(Beginning of RECORDS PROVIDED)

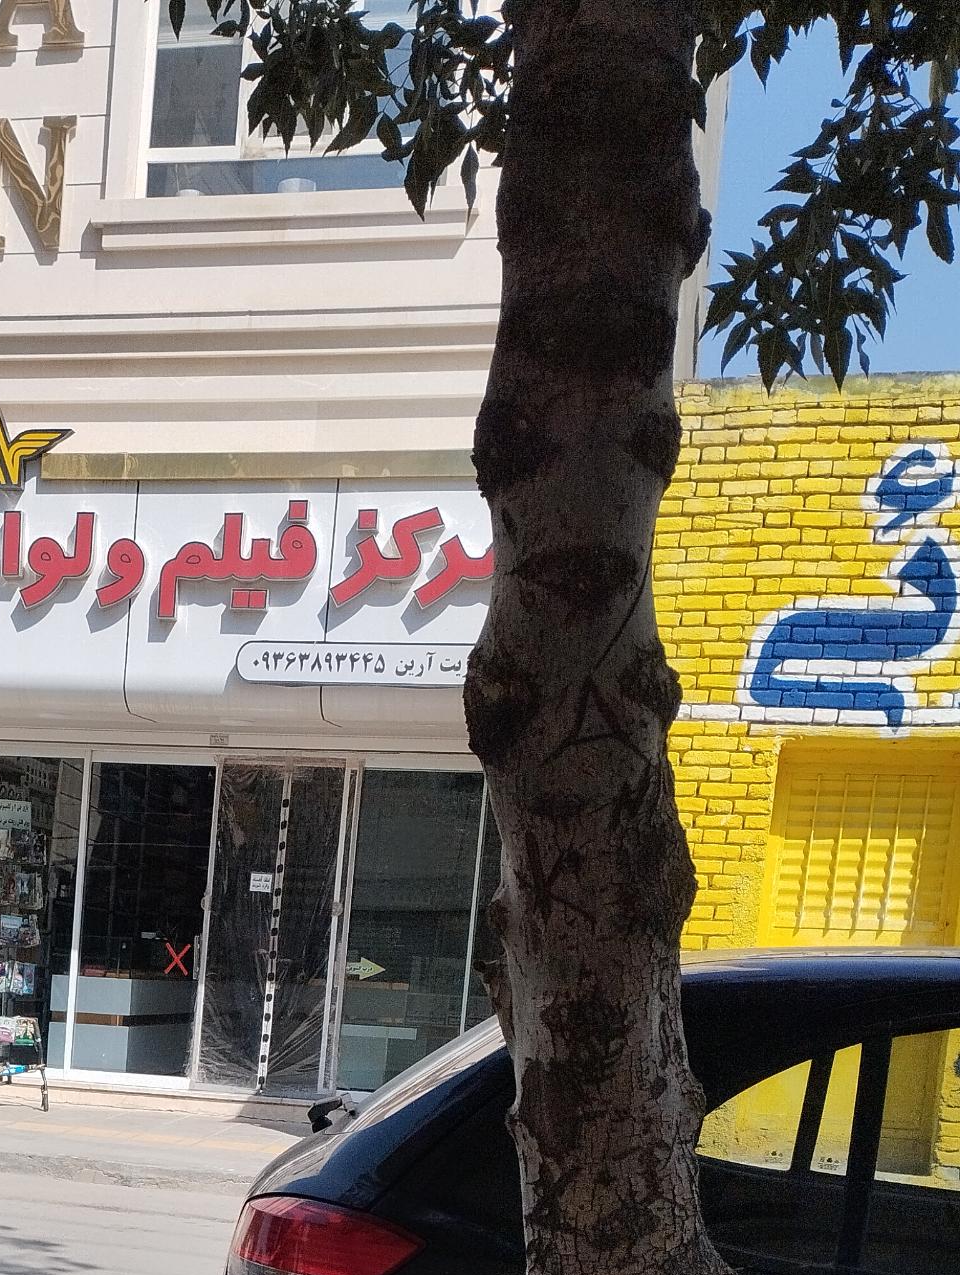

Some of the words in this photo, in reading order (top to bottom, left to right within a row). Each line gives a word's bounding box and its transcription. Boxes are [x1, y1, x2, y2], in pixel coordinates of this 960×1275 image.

[95, 537, 147, 608] و
[157, 500, 319, 618] فیلم
[329, 507, 495, 608] رکز
[253, 650, 386, 674] ۰۹۳۶۳۸۹۳۴۴۵
[395, 652, 436, 677] آرین
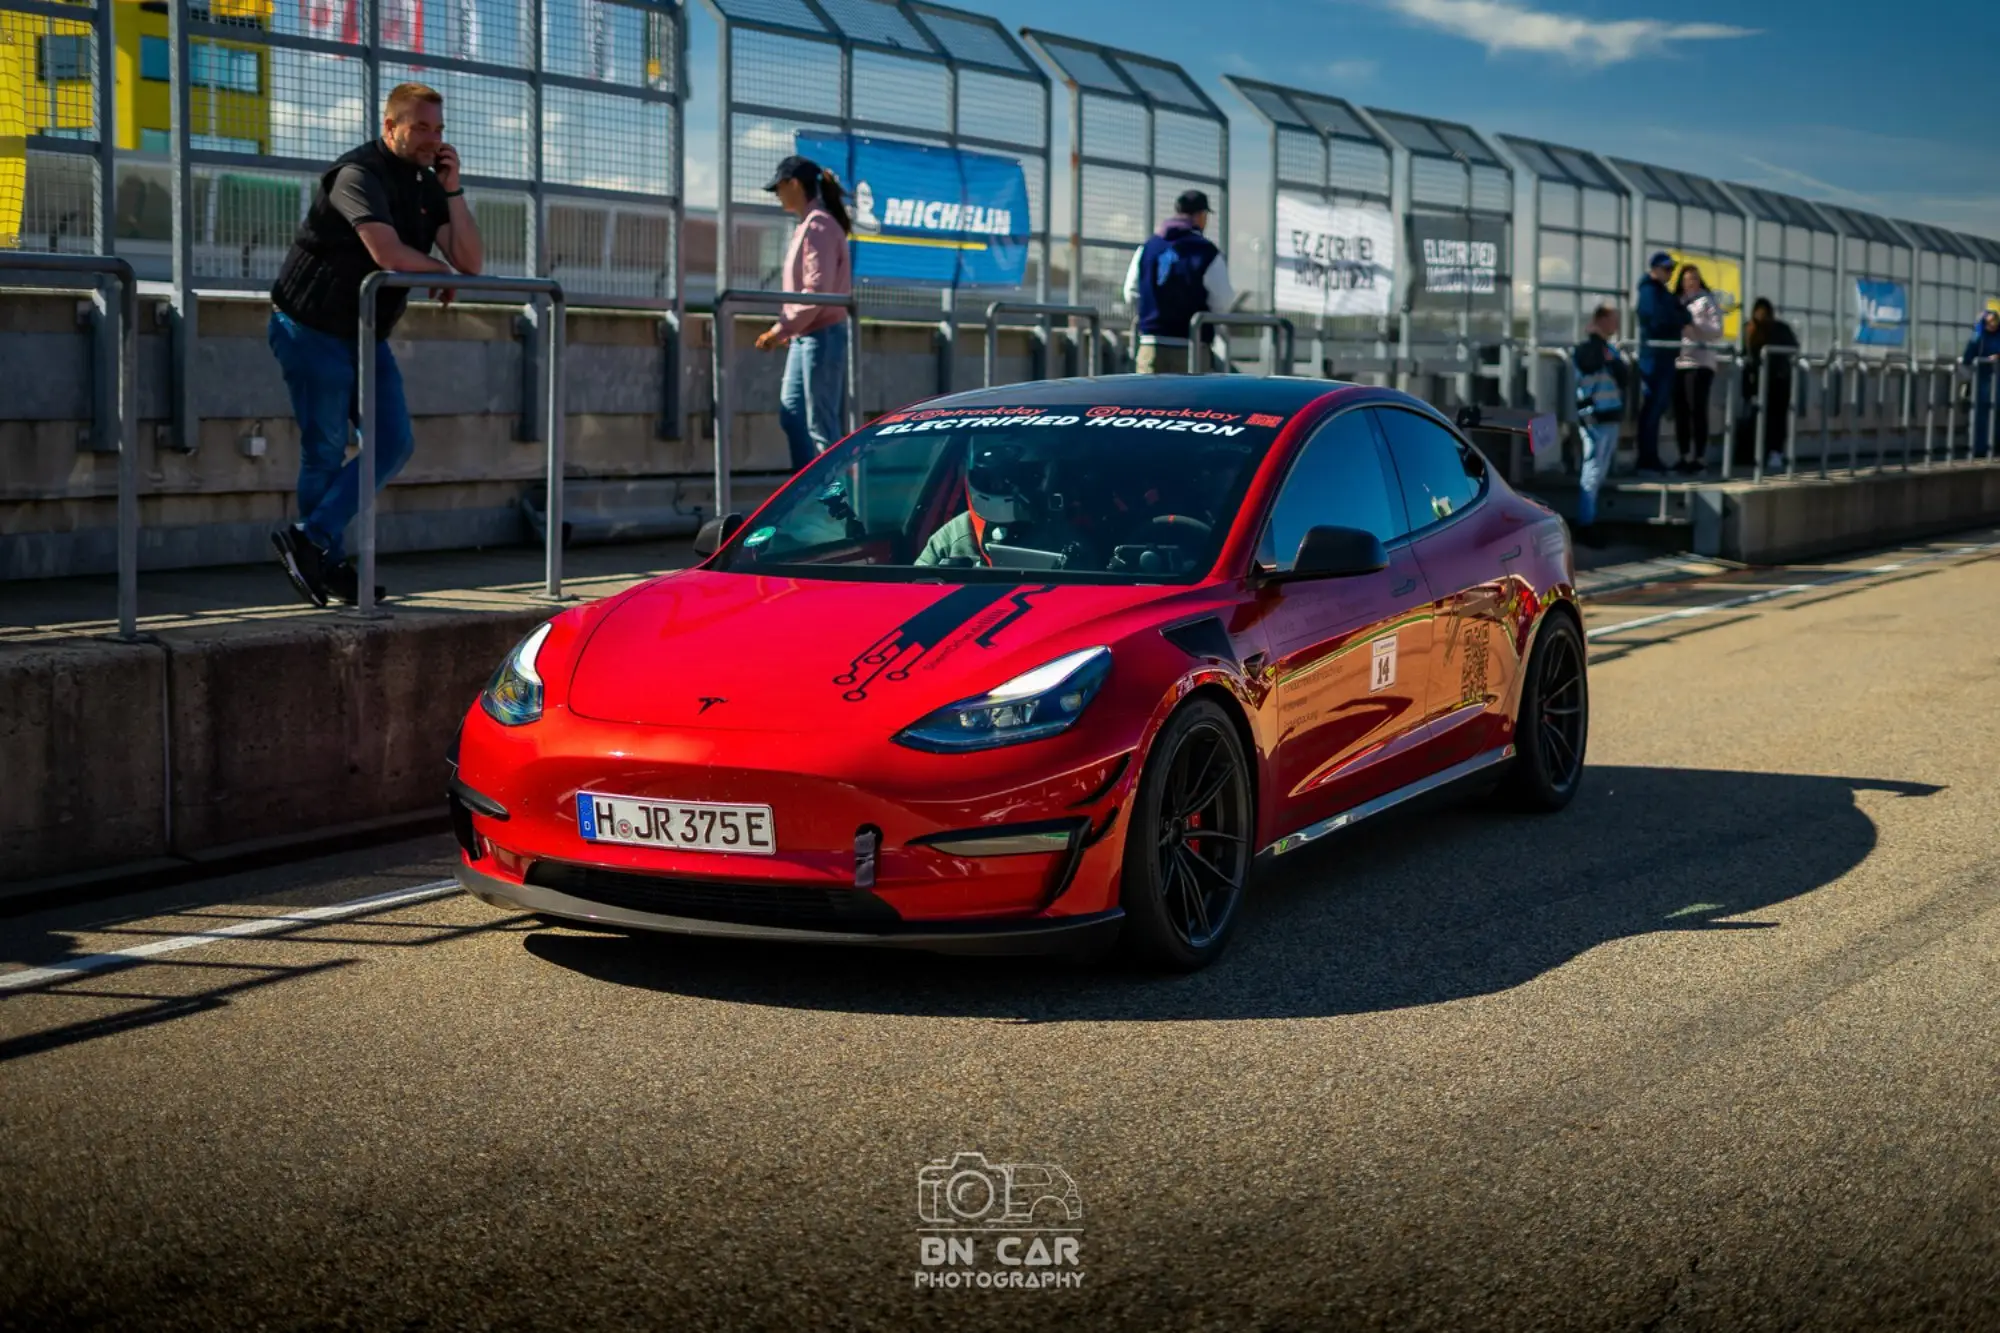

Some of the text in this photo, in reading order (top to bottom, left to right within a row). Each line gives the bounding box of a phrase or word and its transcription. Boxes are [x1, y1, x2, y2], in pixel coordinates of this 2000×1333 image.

[884, 197, 1011, 236] MICHELIN
[875, 415, 1246, 437] ELECTRIFIED HORIZON
[1377, 655, 1391, 685] 14
[595, 802, 616, 836] H

(End of RECORDS PROVIDED)

● YOUR INSTRUCTIONS
I'd like the material duplicated exactly, without its pictures.

● SOLVED PROBLEM
Some of the words in this photo, in reading order (top to bottom, left to right within a row). Each line gives a word's bounding box and its transcription. Boxes are [x1, y1, x2, y2], in pixel coordinates of this 960×1275 image.

[95, 537, 147, 608] و
[157, 500, 319, 618] فیلم
[329, 507, 495, 608] رکز
[253, 650, 386, 674] ۰۹۳۶۳۸۹۳۴۴۵
[395, 652, 436, 677] آرین

Some of the text in this photo, in reading order (top to bottom, left to right within a row). Each line gives the bounding box of a phrase or word and its transcription. Boxes are [x1, y1, x2, y2], in pixel coordinates of this 2000×1333 image.

[884, 197, 1011, 236] MICHELIN
[875, 415, 1246, 437] ELECTRIFIED HORIZON
[1377, 655, 1391, 685] 14
[595, 802, 616, 836] H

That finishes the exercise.